__YOUR TASK__: The data below is to be set down exactly.

__EXERCISE DATA__:
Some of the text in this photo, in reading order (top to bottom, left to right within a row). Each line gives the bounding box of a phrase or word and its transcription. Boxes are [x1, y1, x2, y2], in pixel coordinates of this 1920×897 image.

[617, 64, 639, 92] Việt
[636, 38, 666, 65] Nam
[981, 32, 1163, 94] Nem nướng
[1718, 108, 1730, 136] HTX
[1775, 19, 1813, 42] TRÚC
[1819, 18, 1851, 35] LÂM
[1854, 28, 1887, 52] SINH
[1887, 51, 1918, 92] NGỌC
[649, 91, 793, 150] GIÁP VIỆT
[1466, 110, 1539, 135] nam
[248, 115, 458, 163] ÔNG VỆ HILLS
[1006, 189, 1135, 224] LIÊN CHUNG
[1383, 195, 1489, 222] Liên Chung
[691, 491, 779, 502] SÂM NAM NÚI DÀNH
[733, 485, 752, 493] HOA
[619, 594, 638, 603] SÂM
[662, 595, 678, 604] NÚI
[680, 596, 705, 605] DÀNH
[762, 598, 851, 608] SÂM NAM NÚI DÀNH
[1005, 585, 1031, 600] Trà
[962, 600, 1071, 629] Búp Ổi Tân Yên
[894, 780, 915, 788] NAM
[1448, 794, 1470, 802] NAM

__OUTPUT OF THE TASK__:
Some of the text in this photo, in reading order (top to bottom, left to right within a row). Each line gives the bounding box of a phrase or word and its transcription. Boxes are [x1, y1, x2, y2], in pixel coordinates of this 1920×897 image.

[617, 64, 639, 92] Việt
[636, 38, 666, 65] Nam
[981, 32, 1163, 94] Nem nướng
[1718, 108, 1730, 136] HTX
[1775, 19, 1813, 42] TRÚC
[1819, 18, 1851, 35] LÂM
[1854, 28, 1887, 52] SINH
[1887, 51, 1918, 92] NGỌC
[649, 91, 793, 150] GIÁP VIỆT
[1466, 110, 1539, 135] nam
[248, 115, 458, 163] ÔNG VỆ HILLS
[1006, 189, 1135, 224] LIÊN CHUNG
[1383, 195, 1489, 222] Liên Chung
[691, 491, 779, 502] SÂM NAM NÚI DÀNH
[733, 485, 752, 493] HOA
[619, 594, 638, 603] SÂM
[662, 595, 678, 604] NÚI
[680, 596, 705, 605] DÀNH
[762, 598, 851, 608] SÂM NAM NÚI DÀNH
[1005, 585, 1031, 600] Trà
[962, 600, 1071, 629] Búp Ổi Tân Yên
[894, 780, 915, 788] NAM
[1448, 794, 1470, 802] NAM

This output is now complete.